*RECORDS TO PROCESS*
§ §

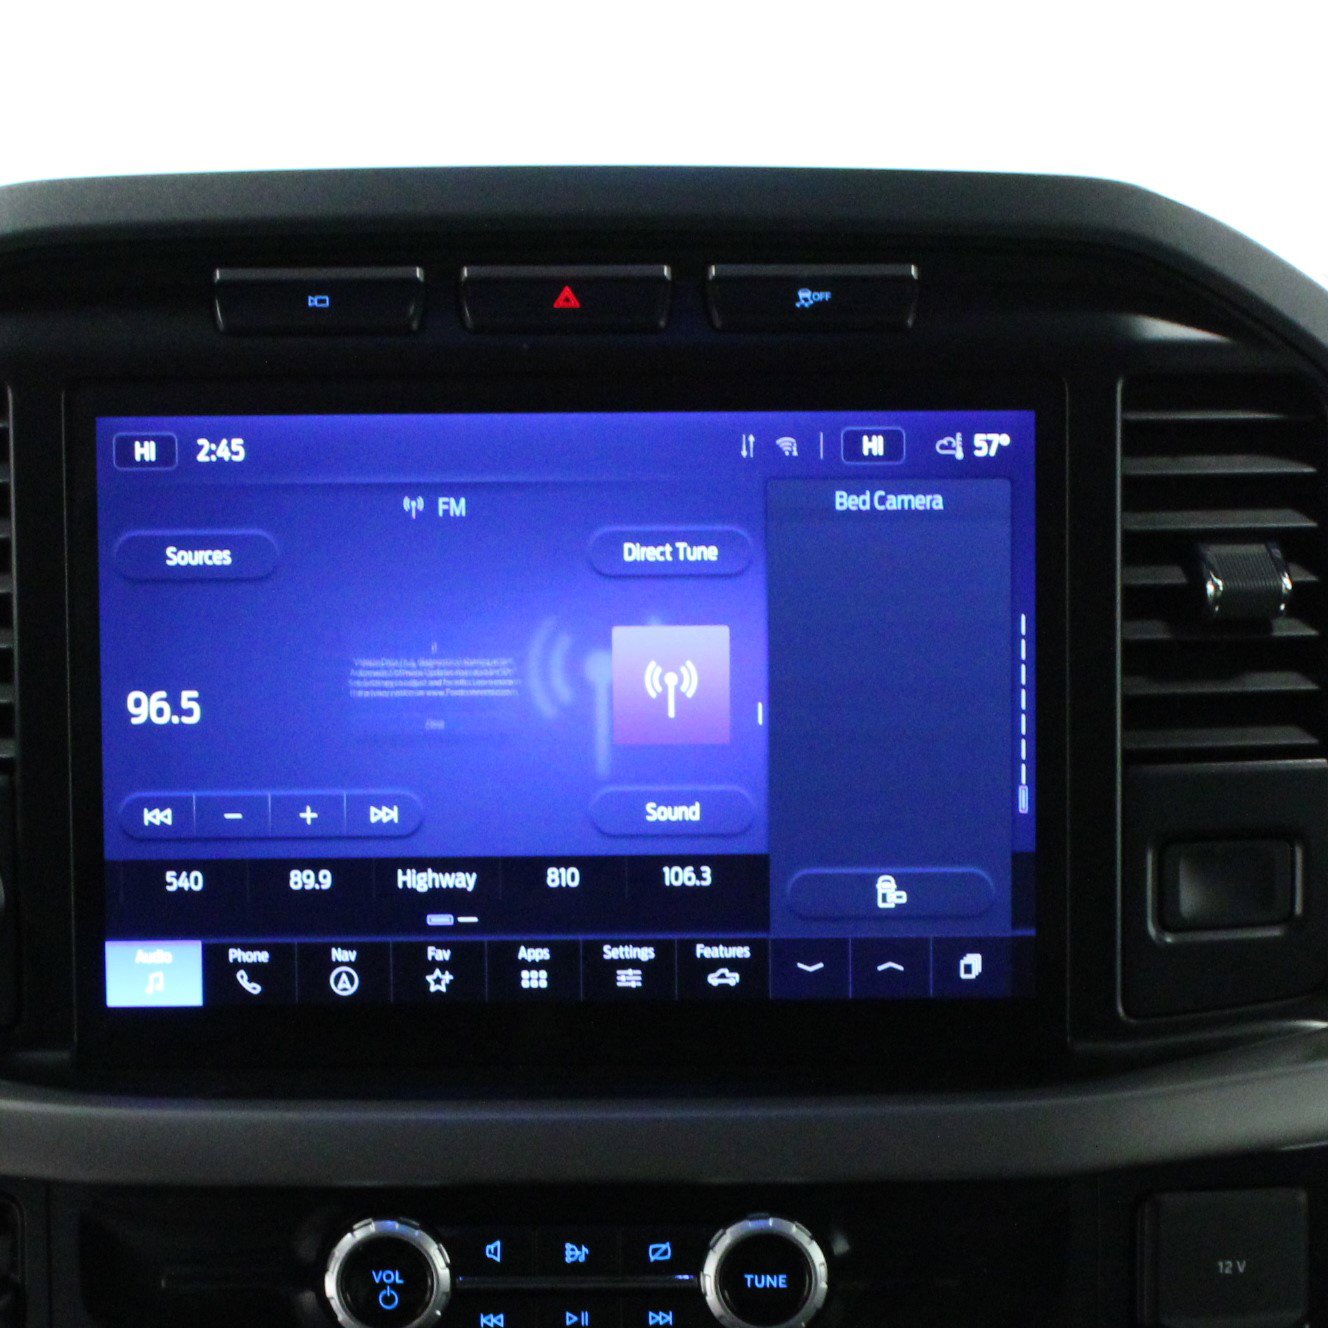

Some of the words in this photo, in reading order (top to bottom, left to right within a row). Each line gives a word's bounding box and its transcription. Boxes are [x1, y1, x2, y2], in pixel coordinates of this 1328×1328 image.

[812, 291, 831, 302] OFF
[134, 440, 157, 462] HI
[196, 437, 246, 463] 2:45
[861, 434, 885, 457] HI
[973, 432, 1011, 458] 57°
[437, 496, 467, 517] FM
[834, 489, 871, 511] Bed
[873, 489, 944, 511] Camera
[165, 545, 233, 567] Sources
[622, 541, 674, 563] Direct
[674, 541, 719, 562] Tune
[126, 689, 202, 725] 96.5
[645, 801, 701, 822] Sound
[165, 870, 204, 892] 540
[289, 868, 333, 891] 89.9
[396, 867, 478, 893] Highway
[546, 866, 581, 888] 810
[662, 865, 712, 887] 106.3
[134, 948, 174, 965] Audio
[228, 947, 270, 964] Phone
[331, 947, 357, 963] Nav
[427, 945, 452, 962] Fav
[517, 945, 551, 963] Apps
[602, 944, 656, 962] Settings
[695, 943, 751, 959] Features
[371, 1269, 404, 1286] VOL
[1217, 1260, 1233, 1274] 12
[1236, 1260, 1247, 1273] V
[744, 1274, 788, 1289] TUNE

§ §

*EXERCISE REQUIREMENTS*
Without the pictures, write out every entry exactly as it appears.

*ANSWER TO THIS EXERCISE*
Some of the words in this photo, in reading order (top to bottom, left to right within a row). Each line gives a word's bounding box and its transcription. Boxes are [x1, y1, x2, y2], in pixel coordinates of this 1328×1328 image.

[812, 291, 831, 302] OFF
[134, 440, 157, 462] HI
[196, 437, 246, 463] 2:45
[861, 434, 885, 457] HI
[973, 432, 1011, 458] 57°
[437, 496, 467, 517] FM
[834, 489, 871, 511] Bed
[873, 489, 944, 511] Camera
[165, 545, 233, 567] Sources
[622, 541, 674, 563] Direct
[674, 541, 719, 562] Tune
[126, 689, 202, 725] 96.5
[645, 801, 701, 822] Sound
[165, 870, 204, 892] 540
[289, 868, 333, 891] 89.9
[396, 867, 478, 893] Highway
[546, 866, 581, 888] 810
[662, 865, 712, 887] 106.3
[134, 948, 174, 965] Audio
[228, 947, 270, 964] Phone
[331, 947, 357, 963] Nav
[427, 945, 452, 962] Fav
[517, 945, 551, 963] Apps
[602, 944, 656, 962] Settings
[695, 943, 751, 959] Features
[371, 1269, 404, 1286] VOL
[1217, 1260, 1233, 1274] 12
[1236, 1260, 1247, 1273] V
[744, 1274, 788, 1289] TUNE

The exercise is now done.